Image-backed grounding data
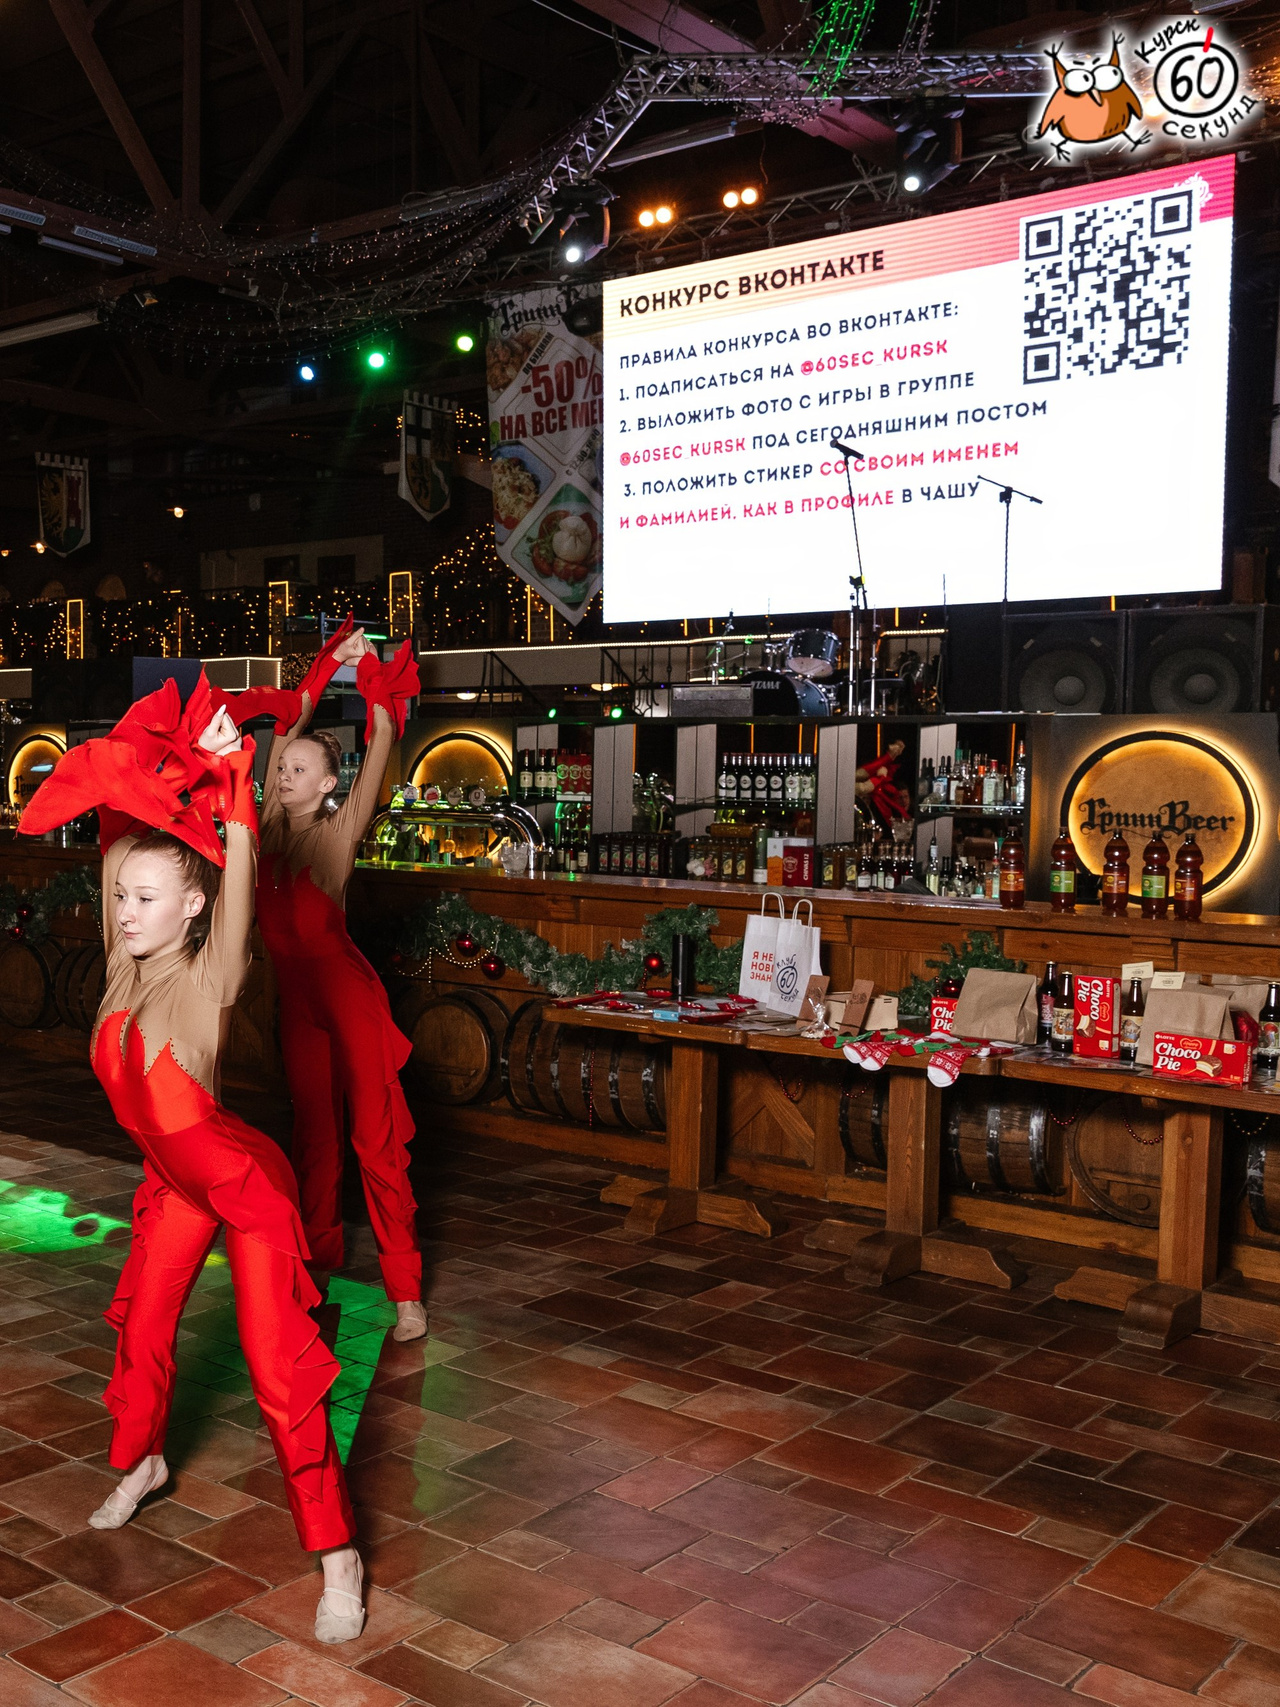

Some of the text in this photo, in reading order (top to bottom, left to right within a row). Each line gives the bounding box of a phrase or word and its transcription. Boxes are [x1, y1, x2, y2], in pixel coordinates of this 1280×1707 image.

[620, 250, 884, 317] КОНКУРС ВКОНТАКТЕ
[522, 331, 555, 375] ПО БУДНЯМ
[620, 302, 959, 369] ПРАВИЛА КОНКУРСА ВО ВКОНТАКТЕ:
[521, 353, 603, 408] -50%
[619, 388, 630, 401] 1.
[635, 367, 763, 399] ПОДПИСАТЬСЯ
[770, 363, 794, 379] НА
[500, 414, 527, 440] НА
[531, 405, 568, 437] ВСЕ
[619, 372, 975, 433] 2. ВЫЛОЖИТЬ ФОТО С ИГРЫ В ГРУППЕ
[752, 432, 790, 449] ПОД
[796, 412, 948, 444] СЕГОДНЯШНИМ
[957, 400, 1047, 425] ПОСТОМ
[624, 441, 1019, 497] 3. ПОЛОЖИТЬ СТИКЕР СО СВОИМ ИМЕНЕМ
[619, 516, 629, 529] И
[743, 502, 777, 518] КАК
[784, 500, 794, 514] В
[801, 490, 894, 512] ПРОФИЛЕ
[901, 488, 912, 503] В
[920, 481, 980, 500] ЧАШУ
[752, 951, 759, 960] Я
[780, 970, 795, 989] 60
[1077, 978, 1091, 1002] Pie
[1090, 979, 1104, 1021] Choco
[1154, 1055, 1181, 1071] Pie
[1155, 1042, 1201, 1060] Choco
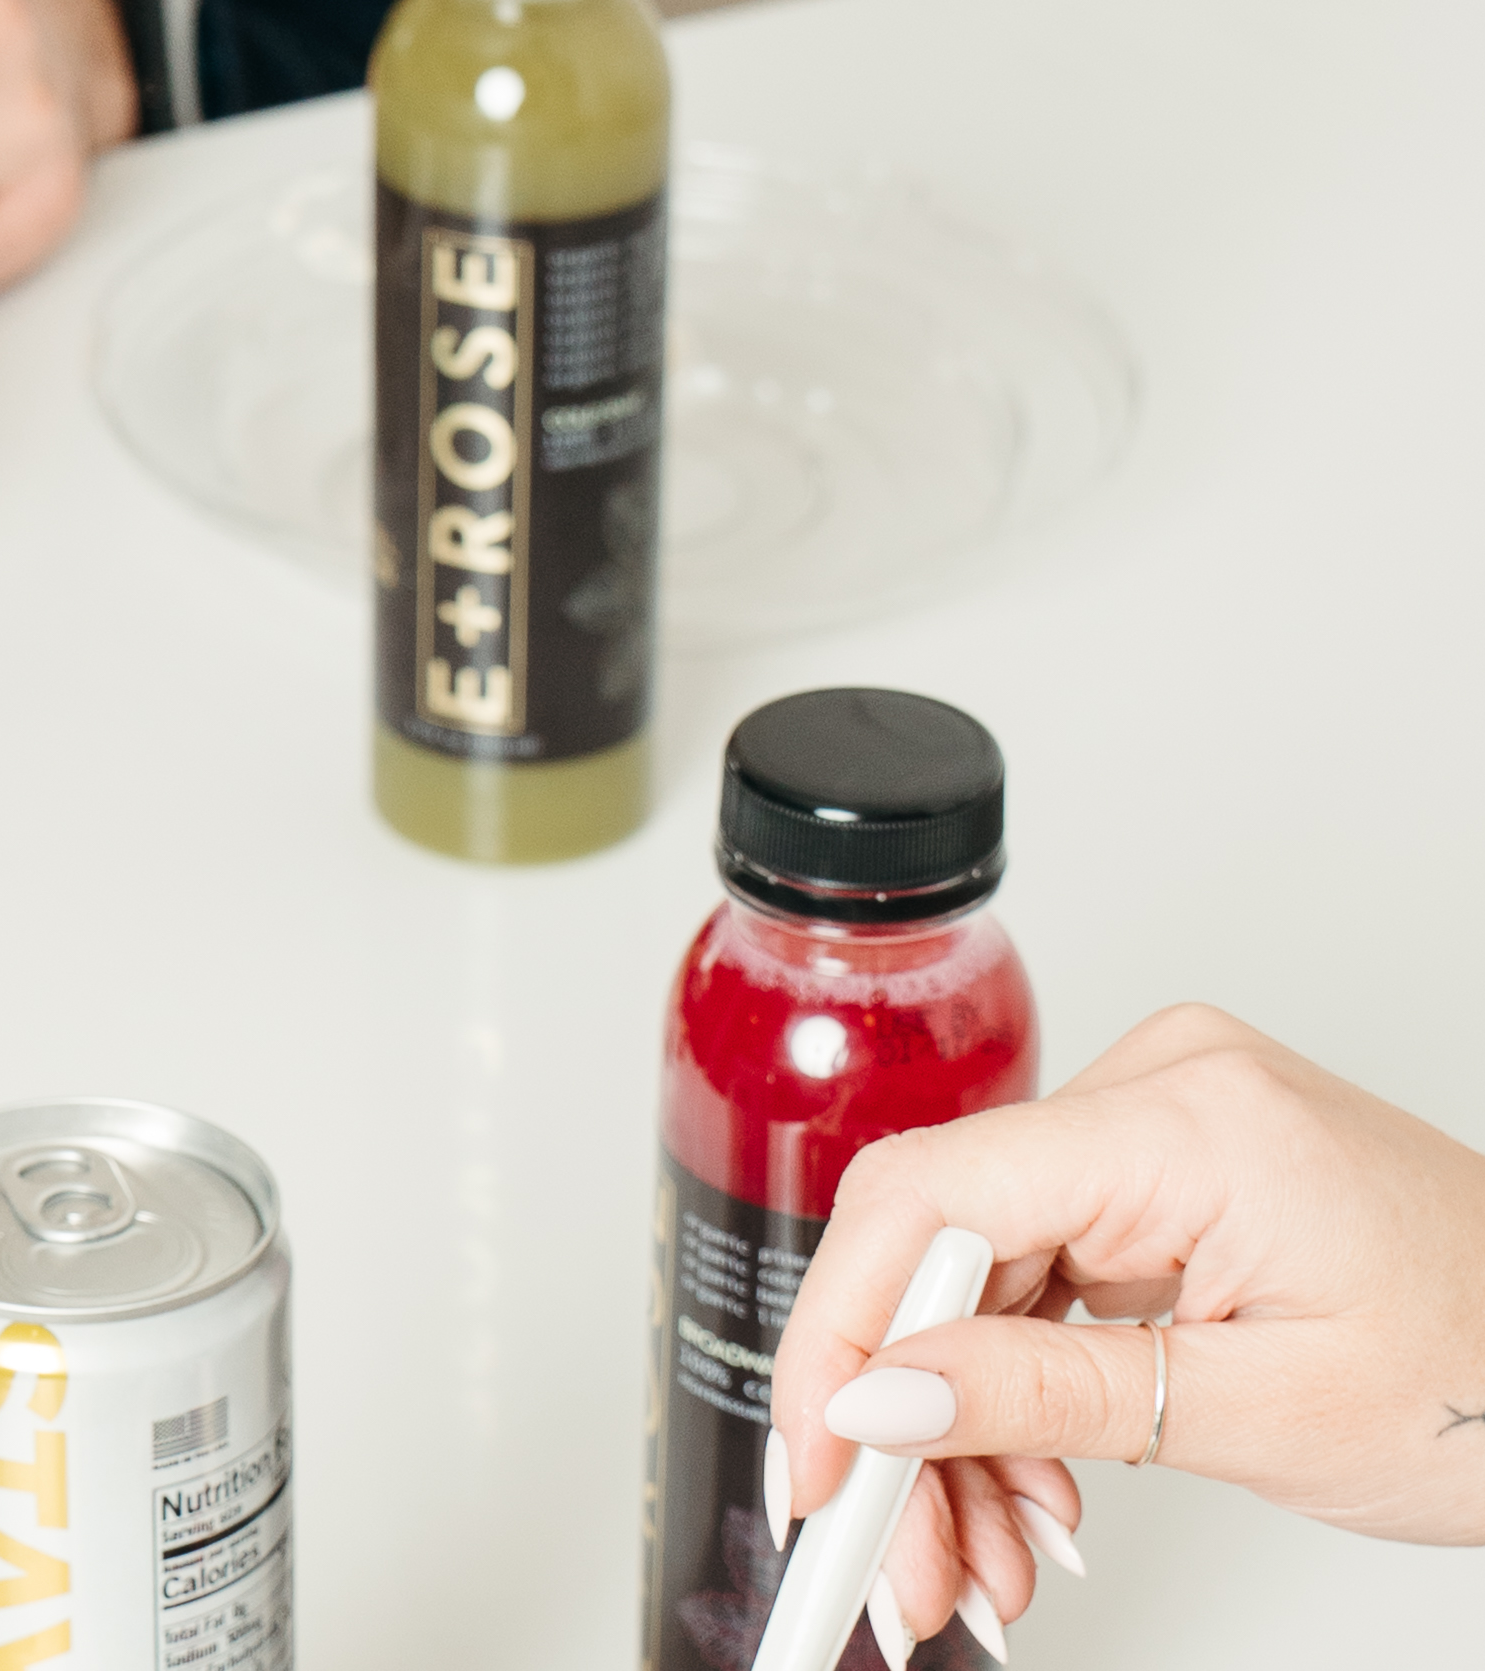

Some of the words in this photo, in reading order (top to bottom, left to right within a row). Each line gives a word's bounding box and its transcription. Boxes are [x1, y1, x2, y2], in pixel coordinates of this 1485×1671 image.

§ YOUR INSTRUCTIONS
Transcribe all records verbatim and omit each image.

§ FINAL ANSWER
Some of the text in this photo, in reading order (top to bottom, left to right within a row). Each line gives the bounding box of a phrase or word and its transcription. Boxes are [x1, y1, x2, y2], in pixel coordinates of this 1280×1707 image.

[620, 250, 884, 317] КОНКУРС ВКОНТАКТЕ
[522, 331, 555, 375] ПО БУДНЯМ
[620, 302, 959, 369] ПРАВИЛА КОНКУРСА ВО ВКОНТАКТЕ:
[521, 353, 603, 408] -50%
[619, 388, 630, 401] 1.
[635, 367, 763, 399] ПОДПИСАТЬСЯ
[770, 363, 794, 379] НА
[500, 414, 527, 440] НА
[531, 405, 568, 437] ВСЕ
[619, 372, 975, 433] 2. ВЫЛОЖИТЬ ФОТО С ИГРЫ В ГРУППЕ
[752, 432, 790, 449] ПОД
[796, 412, 948, 444] СЕГОДНЯШНИМ
[957, 400, 1047, 425] ПОСТОМ
[624, 441, 1019, 497] 3. ПОЛОЖИТЬ СТИКЕР СО СВОИМ ИМЕНЕМ
[619, 516, 629, 529] И
[743, 502, 777, 518] КАК
[784, 500, 794, 514] В
[801, 490, 894, 512] ПРОФИЛЕ
[901, 488, 912, 503] В
[920, 481, 980, 500] ЧАШУ
[752, 951, 759, 960] Я
[780, 970, 795, 989] 60
[1077, 978, 1091, 1002] Pie
[1090, 979, 1104, 1021] Choco
[1154, 1055, 1181, 1071] Pie
[1155, 1042, 1201, 1060] Choco

Some of the words in this photo, in reading order (top to bottom, left to right within a row). Each line gives a word's bounding box and its transcription. Boxes are [x1, y1, x2, y2], in pixel coordinates of this 1485×1671 image.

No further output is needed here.